HC Deb 04 May 1824 vol 11 cc496-7
Mr. Kennedy

, after apologising for the possible irregularity of his motion at this stage of the business of the session, moved the bringing up of the report on the Scotch Juries Bill.

The Lord-Advocate

said, he was not averse to the motion, but felt disposed, in fairness to his hon. friend, to point out those parts of his bill, to which he should at a future stage of it take some objections. No specific evil had been done, which this bill could remedy. It exposed the jurors to very unequal labour; and if it happened that a juror was taken from a wrong parish, which might be the case in places like Glasgow, where there were twelve parishes, and the boundary of each was not exactly defined, the whole panel was set aside. He objected also to the complexity of the Bill.

Sir G. Clerk

thought, that notwithstanding all the pains that had been taken with this bill, it was still in such a crude and imperfect state, that instead of being a benefit, it would throw the whole criminal law of Scotland into confusion.

Mr. Abercromby

complained of the manner in which his hon. and learned friend, as well as the people of Scotland, had been treated by the lord advocate. He was surprised that a man holding the situation of public prosecutor, should have allowed this bill to have gone thus far without having stated his objections to it. It was not dealing handsomely with the House to bring forward his objections in this indirect manner.

Lord Binning

said, he was ready to wave the selection of the jury by the judges; but he was not bound, on that account, to accede to all the machinery of the new system; and he would therefore put it to the hon. and learned gentleman, whether it would not be advisable to postpone the measure until a more satisfactory arrangement could be made.

Mr. W. Courtenay

said, he should support the measure, because he thought the contemplated change would be productive of good.

Mr. Secretary Peel

said, his only wish was, that if a change was to take place, it should be effected in the best manner. He felt the force of some of the objections to the bill, and would suggest the propriety of re-committing it, with a view to further consideration.

Mr. Scarlett

said, he was disposed to meet the question in the same spirit as the right hon. gentleman; but it was incumbent on the learned lord, not only to state his objections, but, as he agreed to the principle of the bill, to specify the substitute he would propose for the present system.

Mr.
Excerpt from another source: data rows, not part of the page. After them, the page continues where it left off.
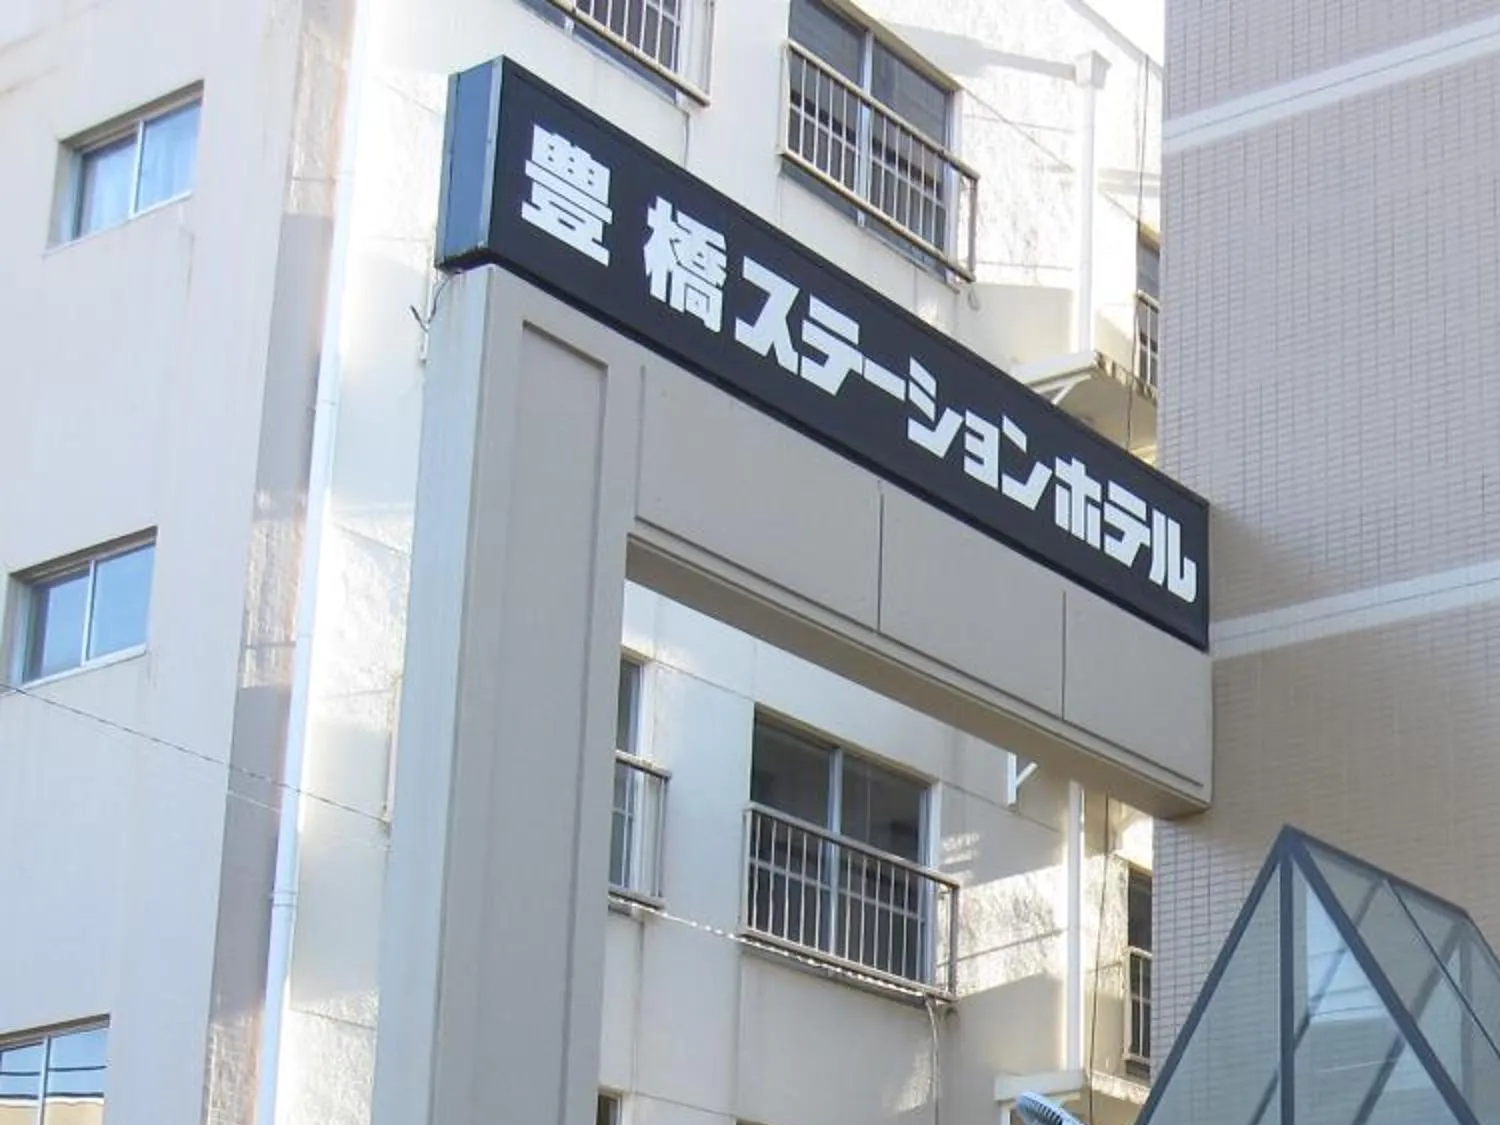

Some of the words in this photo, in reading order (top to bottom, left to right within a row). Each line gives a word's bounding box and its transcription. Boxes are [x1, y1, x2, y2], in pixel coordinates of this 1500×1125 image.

[521, 124, 1198, 604] 豊橋ステーションホテル
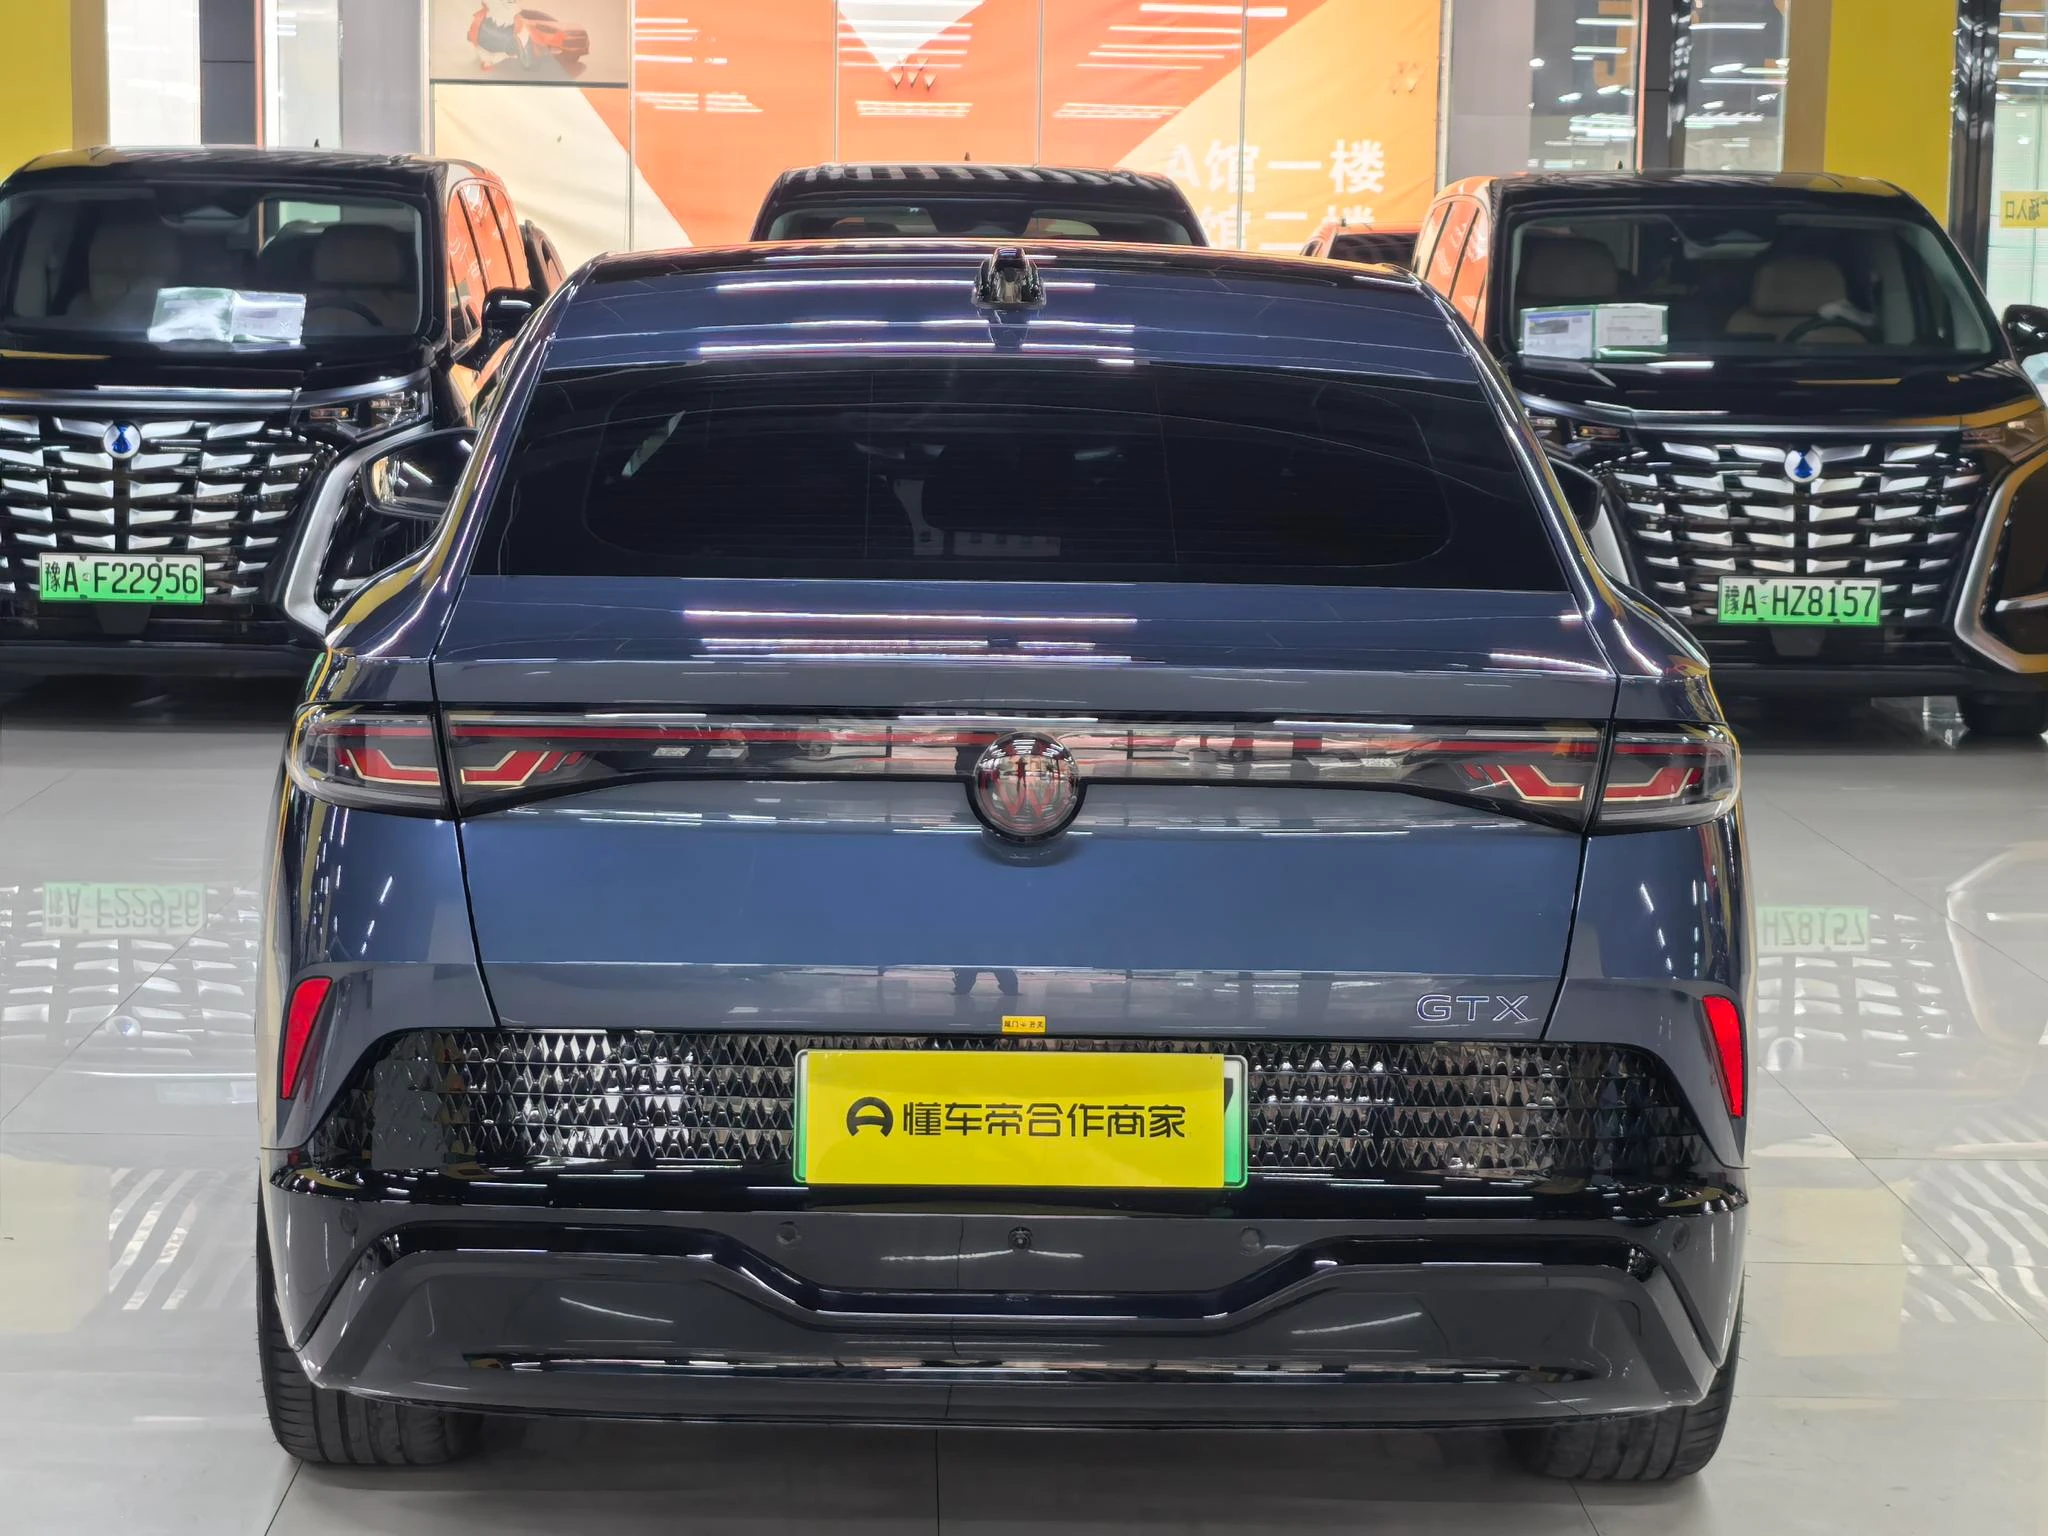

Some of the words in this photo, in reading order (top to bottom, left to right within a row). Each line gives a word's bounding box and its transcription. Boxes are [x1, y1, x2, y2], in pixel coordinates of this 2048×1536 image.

[1164, 138, 1385, 194] A馆一楼
[1200, 204, 1376, 251] 馆二
[1416, 994, 1530, 1022] GTX
[903, 1101, 1187, 1138] 懂车帝合作商家
Kennedy

said, it was a thankless, hopeless, irksome task, to argue on the details of this measure, after what had occurred; but he must bear his testimony to the fairness with which it had been uniformly met by the right hon. secretary of state. He bad no objection to the re-commitment of the bill, on the understanding that the learned lord, and those who thought with him, would be prepared on an early day to meet the discussion.

The Lord Advocate

said, it was not his duty, but the duty of the hon. gentleman who had introduced the measure, to propose the amendments. He had thought the measure impracticable, and he thought so still; but any thing like hostility towards the hon. gentleman, was contrary to his intentions and feelings.

The bill was ordered to be re-committed.